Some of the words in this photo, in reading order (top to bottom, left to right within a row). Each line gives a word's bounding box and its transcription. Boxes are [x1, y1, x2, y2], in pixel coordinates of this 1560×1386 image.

★ ★ ★ ★

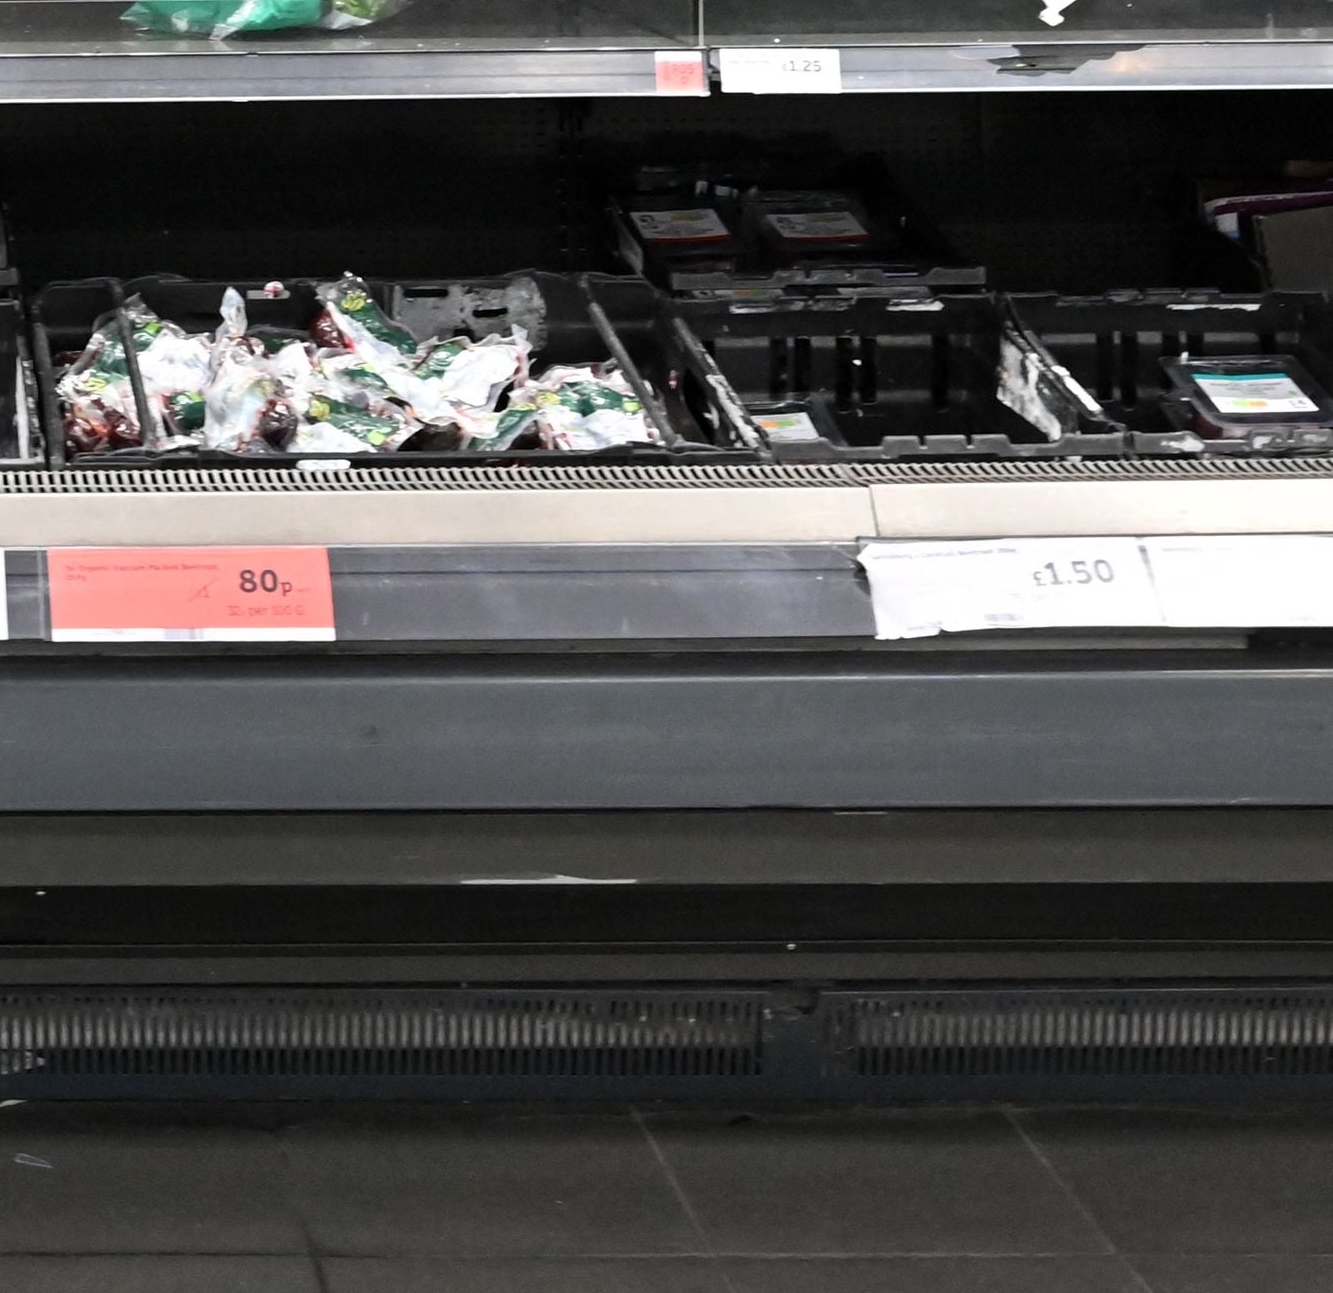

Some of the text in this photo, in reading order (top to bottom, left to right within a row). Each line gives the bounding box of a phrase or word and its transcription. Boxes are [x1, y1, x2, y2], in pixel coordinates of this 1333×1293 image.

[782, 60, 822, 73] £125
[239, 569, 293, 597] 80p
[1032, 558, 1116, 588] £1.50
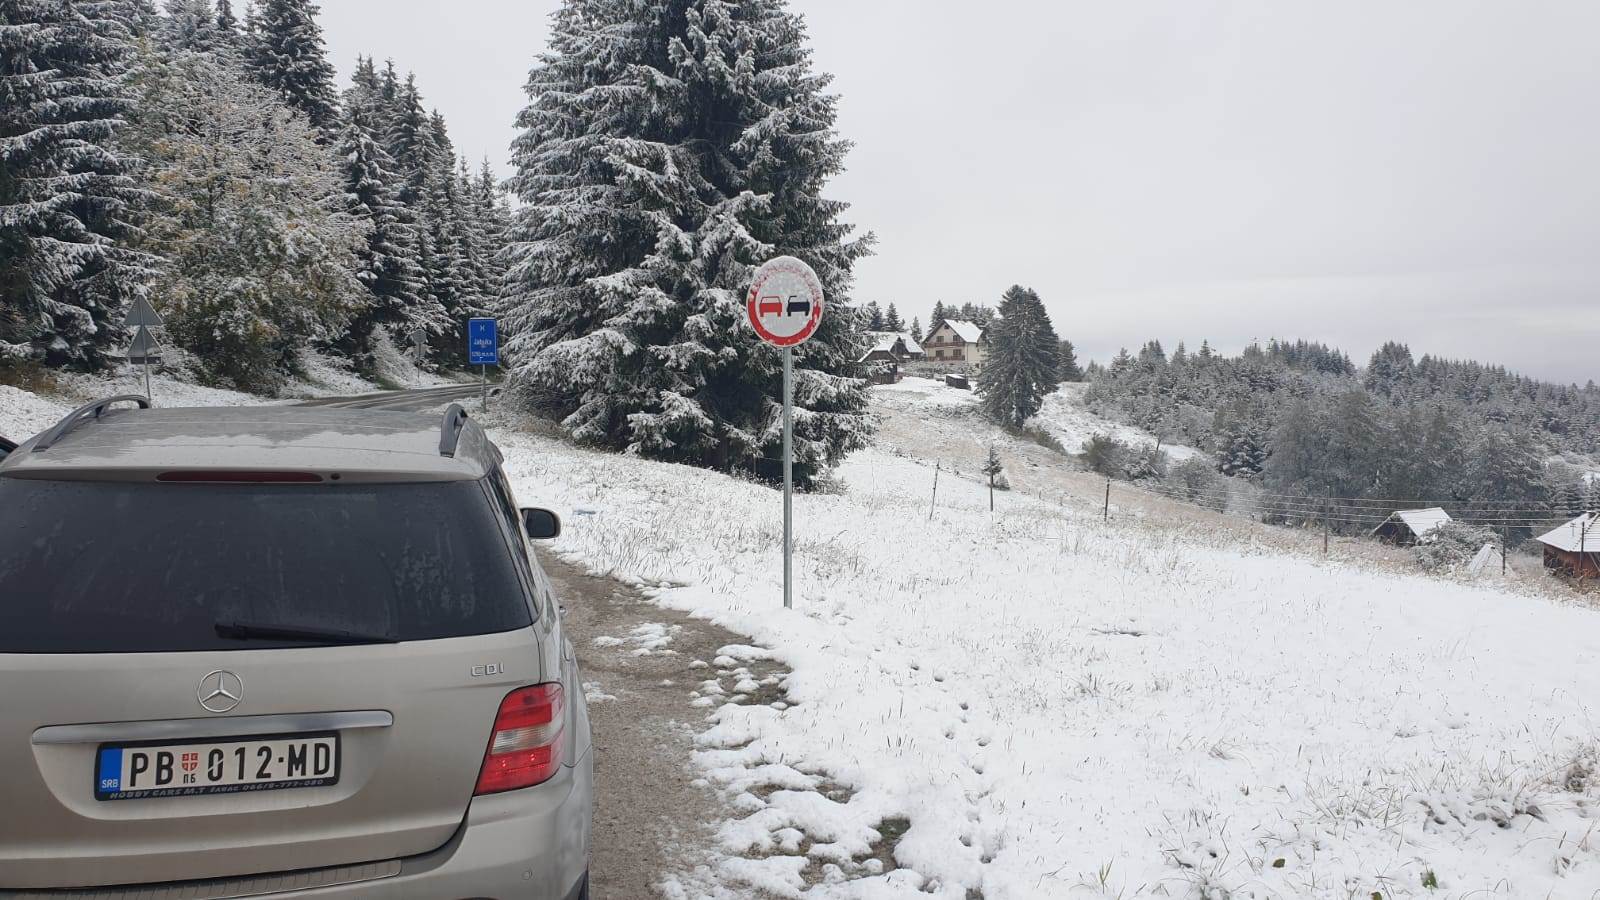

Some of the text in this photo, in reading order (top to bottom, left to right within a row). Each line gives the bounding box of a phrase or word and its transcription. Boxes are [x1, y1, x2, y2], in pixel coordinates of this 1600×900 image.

★ ★ ★ ★

EXERCISE PROMPT: Write out word for word the lines above that run from the one with "this 1333×1293 image." to the one with "this 1600×900 image.". Include both end lines; exclude the images.

RESULT FOR THIS TASK:
Some of the text in this photo, in reading order (top to bottom, left to right within a row). Each line gives the bounding box of a phrase or word and its transcription. Boxes are [x1, y1, x2, y2], in pixel coordinates of this 1333×1293 image.

[782, 60, 822, 73] £125
[239, 569, 293, 597] 80p
[1032, 558, 1116, 588] £1.50

Some of the text in this photo, in reading order (top to bottom, left to right within a row). Each line gives the bounding box of a phrase or word and its transcription. Boxes are [x1, y1, x2, y2], in pixel coordinates of this 1600×900 image.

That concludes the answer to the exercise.